Aim of the exercise: An exact transcription of every entry is required, with the images left out.
======== Entries shown ========
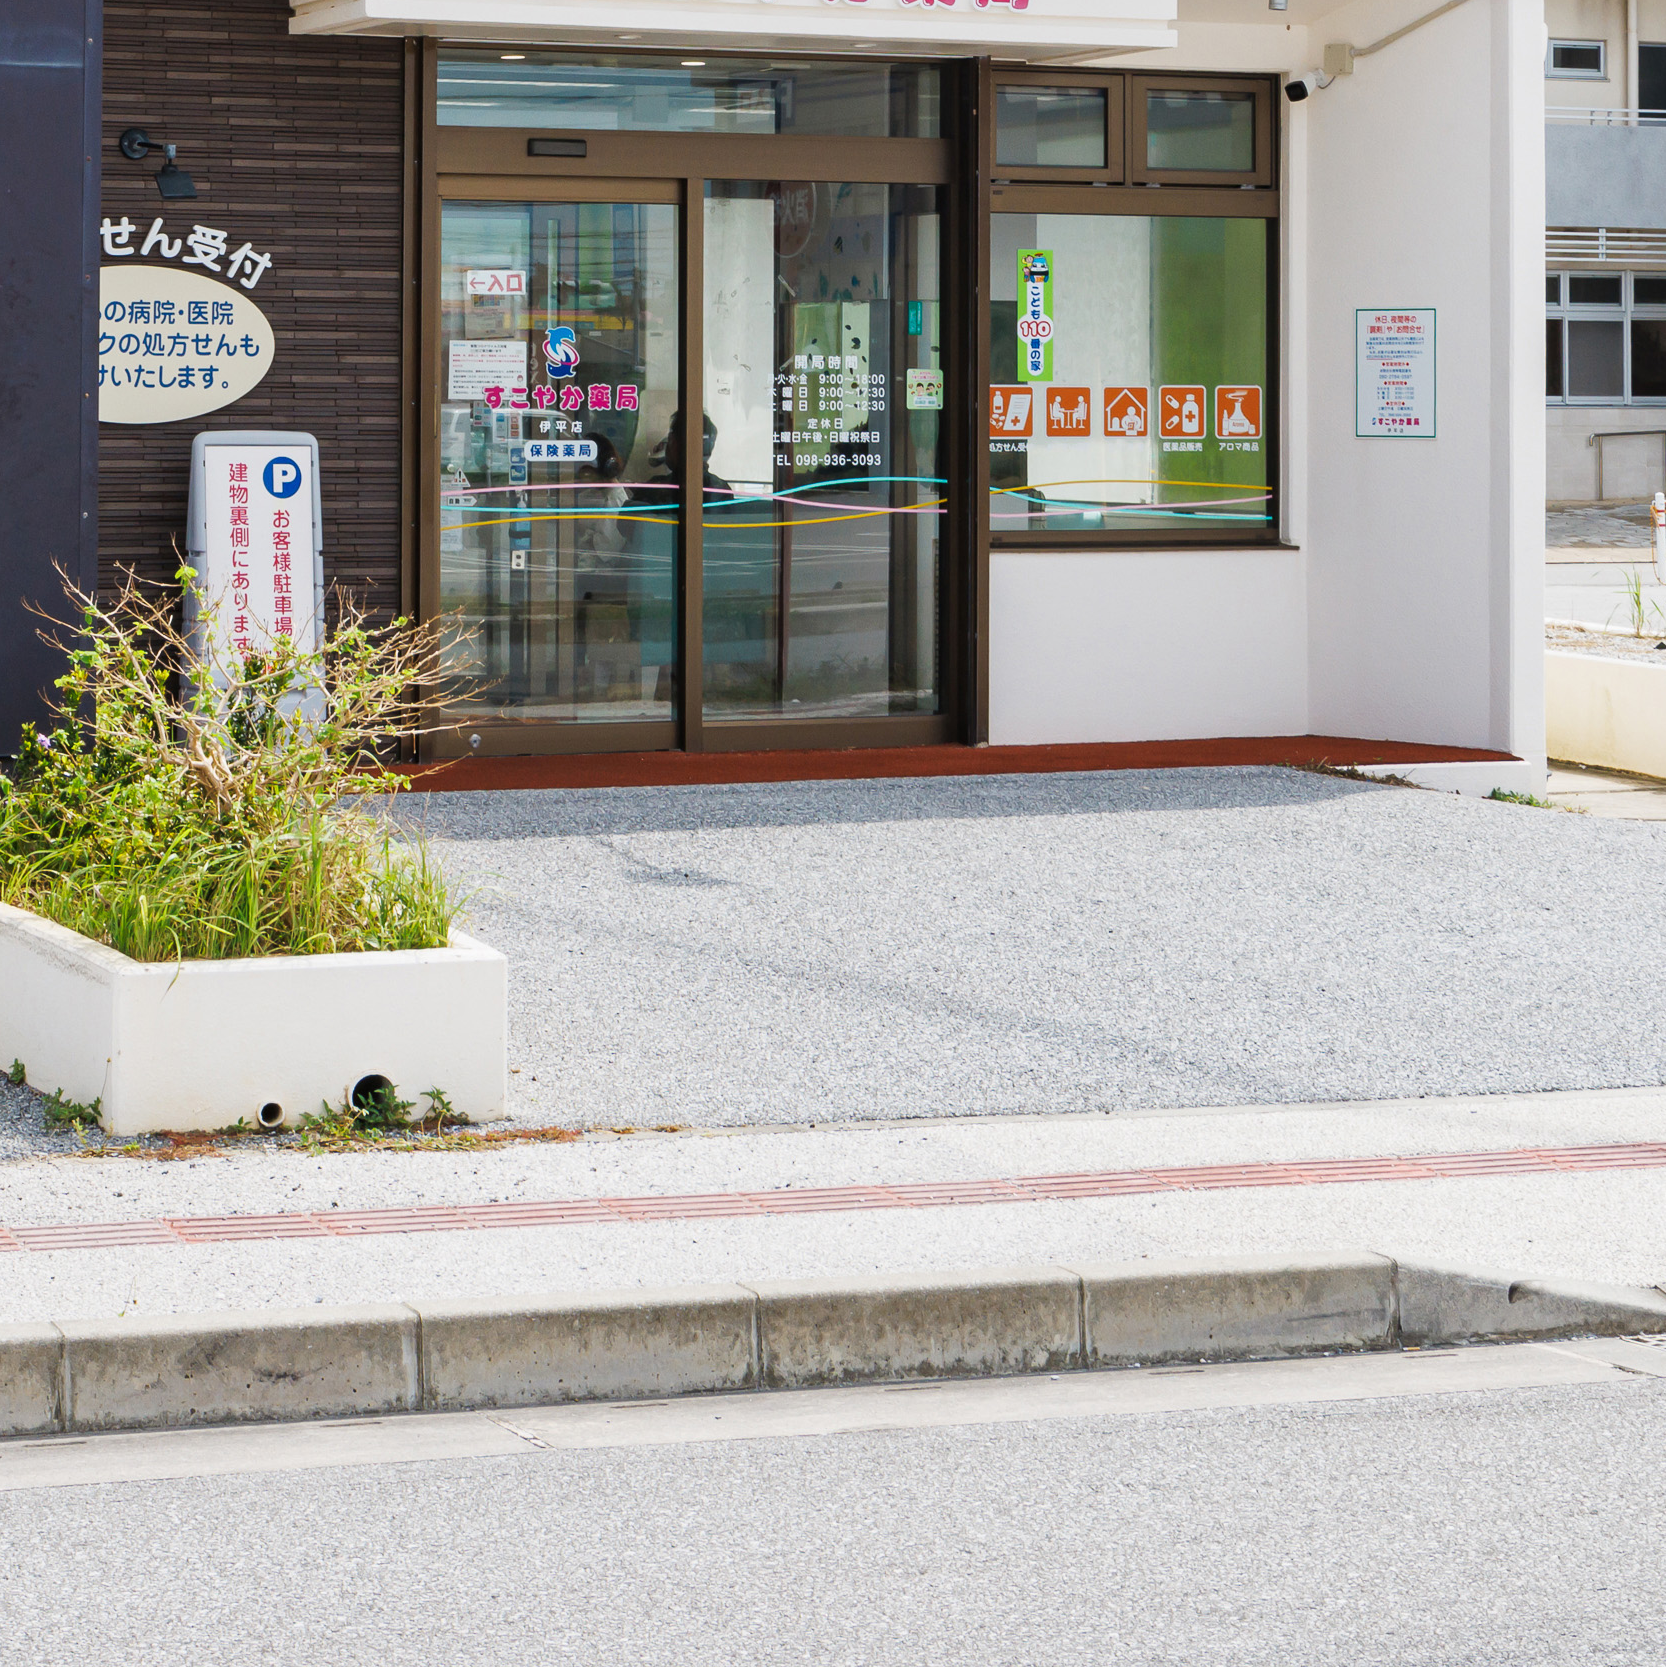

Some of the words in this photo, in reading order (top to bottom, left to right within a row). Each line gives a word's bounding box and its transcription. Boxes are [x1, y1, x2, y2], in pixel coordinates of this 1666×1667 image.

[487, 274, 523, 292] 入口
[99, 299, 234, 326] の病院・医院
[794, 355, 858, 370] 開局時間
[483, 384, 639, 411] すこやか薬局
[807, 418, 844, 430] 定休日
[529, 443, 592, 458] 保険薬局
[1218, 442, 1259, 453] アロマ商品
[772, 454, 792, 466] EL
[795, 454, 882, 466] 098-936-3093
[272, 463, 297, 493] P
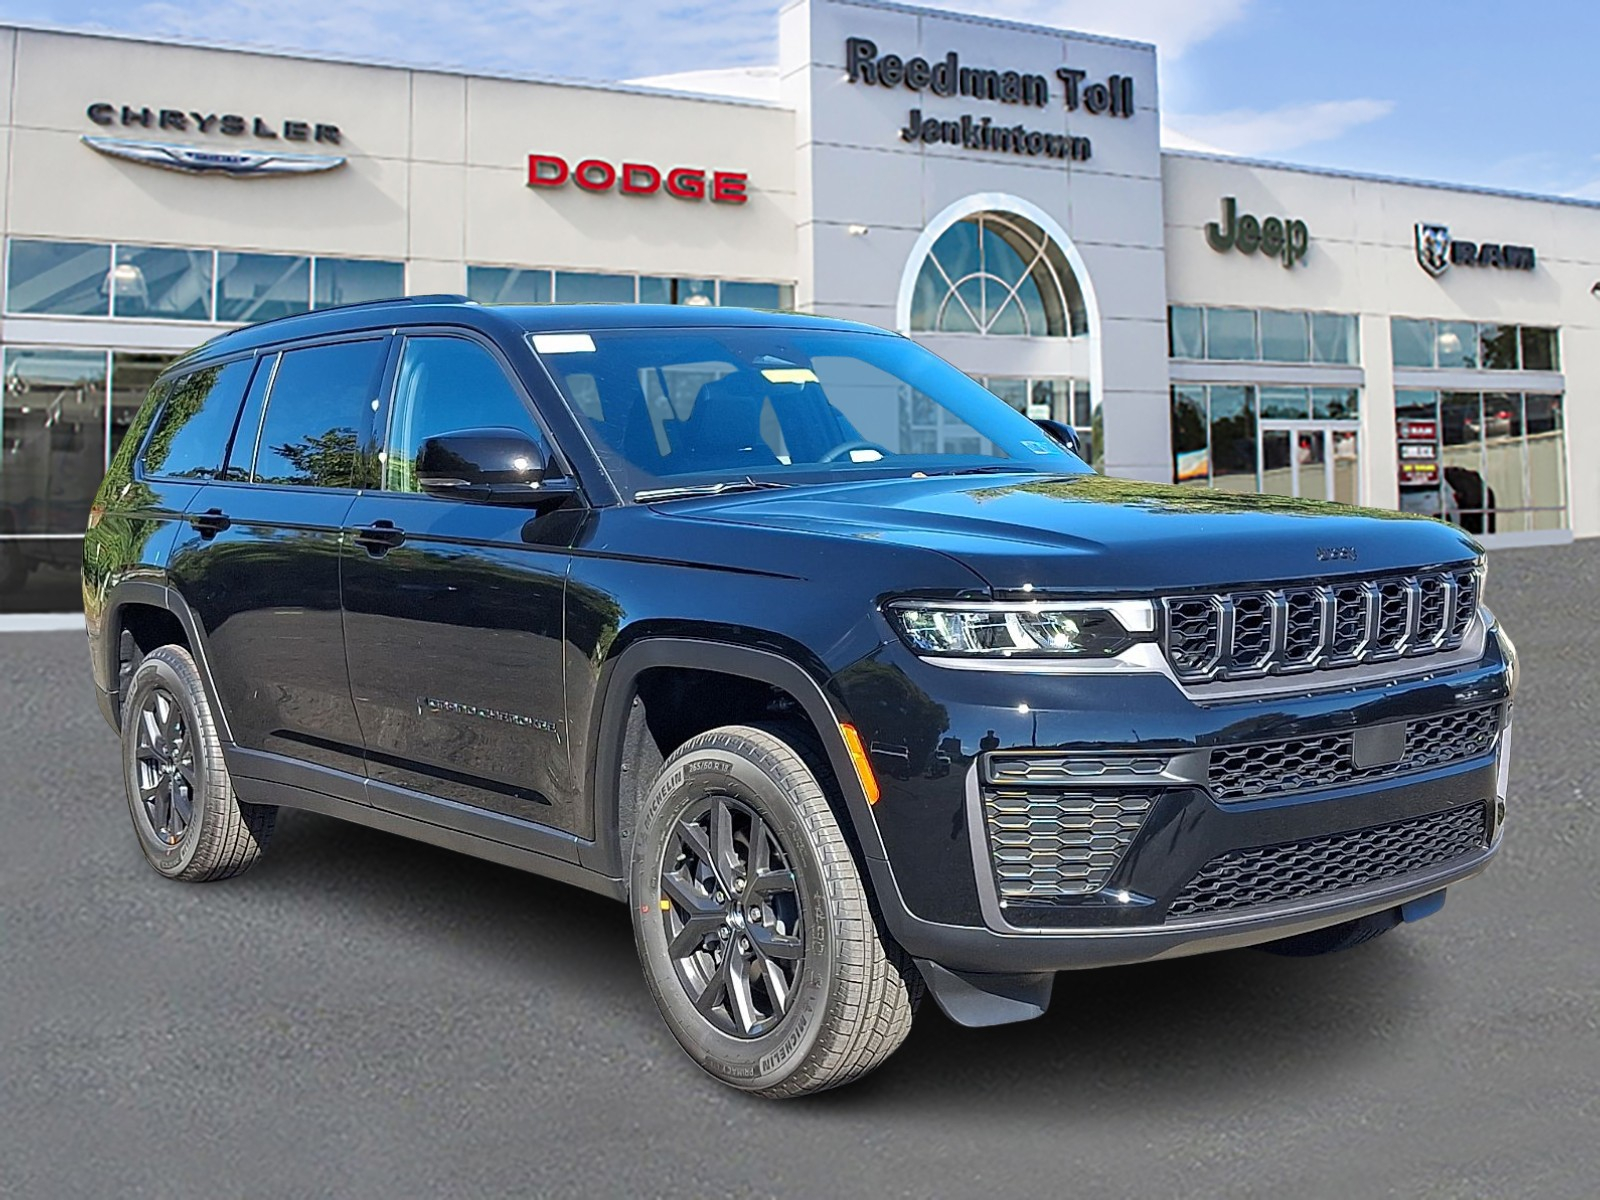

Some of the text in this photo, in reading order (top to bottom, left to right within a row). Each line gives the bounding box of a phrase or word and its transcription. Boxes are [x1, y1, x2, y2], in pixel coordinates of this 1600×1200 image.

[846, 37, 1134, 118] Reedman Toll
[87, 102, 341, 145] CHRYSLER
[901, 109, 1092, 161] Jenkintown
[527, 154, 748, 204] DODGE
[1204, 197, 1308, 269] Jeep
[1451, 241, 1535, 270] RAM
[762, 1014, 809, 1072] MICHELIN
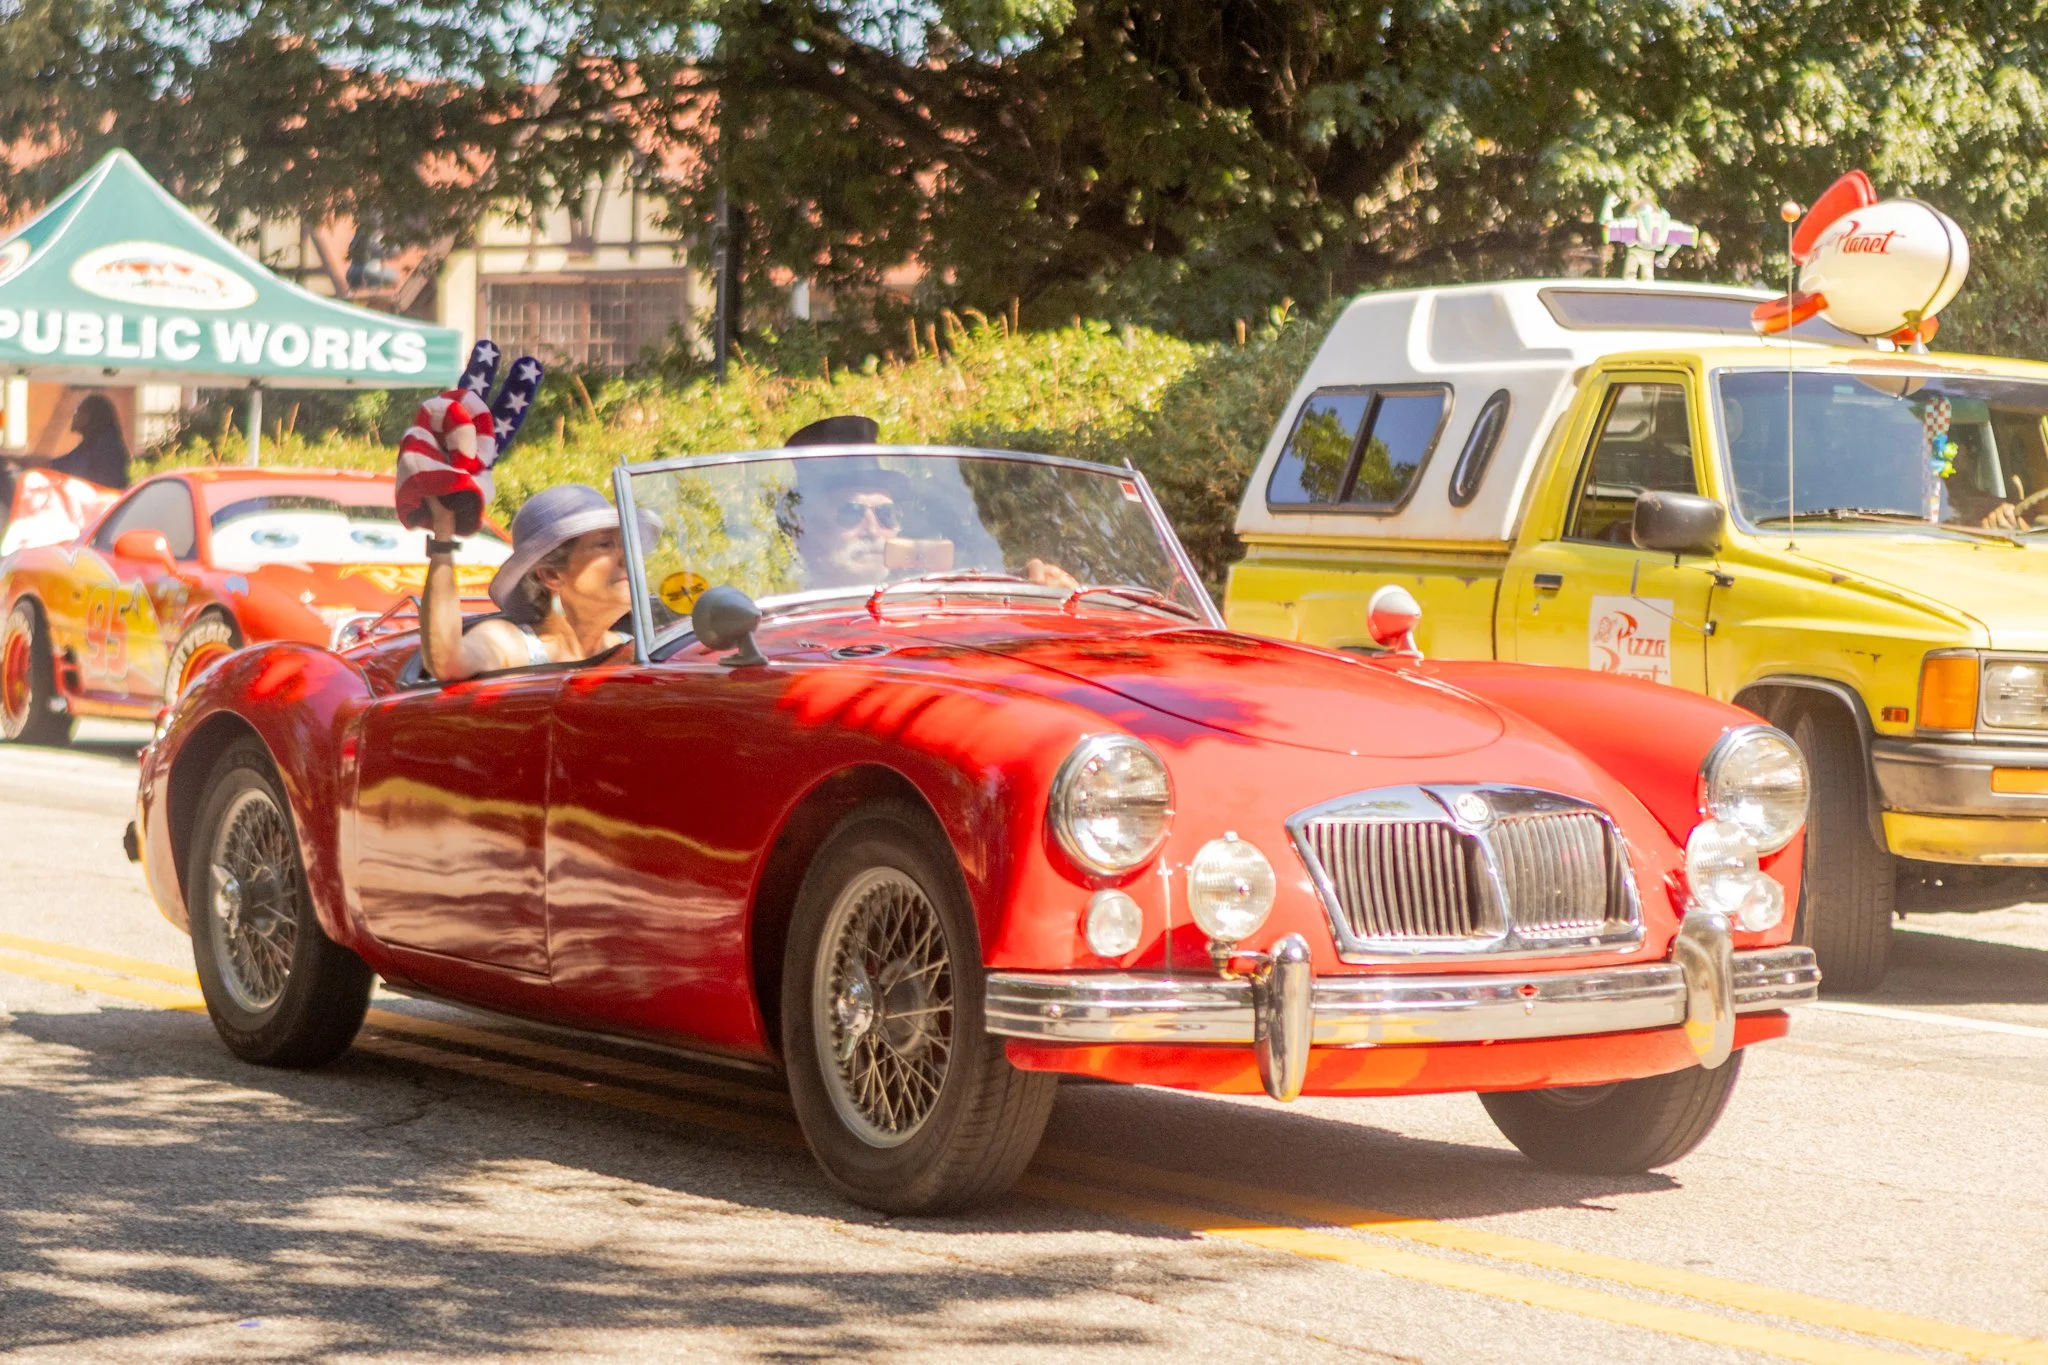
========
Result of the exercise:
Some of the words in this photo, in reading order (top to bottom, left to right within a row). Each line gives a word's bounding box and its transcription. Boxes are [x1, y1, x2, y2], in pixel coordinates of this 1666×1667 image.

[487, 274, 523, 292] 入口
[99, 299, 234, 326] の病院・医院
[794, 355, 858, 370] 開局時間
[483, 384, 639, 411] すこやか薬局
[807, 418, 844, 430] 定休日
[529, 443, 592, 458] 保険薬局
[1218, 442, 1259, 453] アロマ商品
[772, 454, 792, 466] EL
[795, 454, 882, 466] 098-936-3093
[272, 463, 297, 493] P

Some of the text in this photo, in reading order (top to bottom, left to right within a row). Each line gives the bounding box of a phrase or word and its transcription. Boxes are [x1, y1, x2, y2], in pixel coordinates of this 1600×1200 image.

[846, 37, 1134, 118] Reedman Toll
[87, 102, 341, 145] CHRYSLER
[901, 109, 1092, 161] Jenkintown
[527, 154, 748, 204] DODGE
[1204, 197, 1308, 269] Jeep
[1451, 241, 1535, 270] RAM
[762, 1014, 809, 1072] MICHELIN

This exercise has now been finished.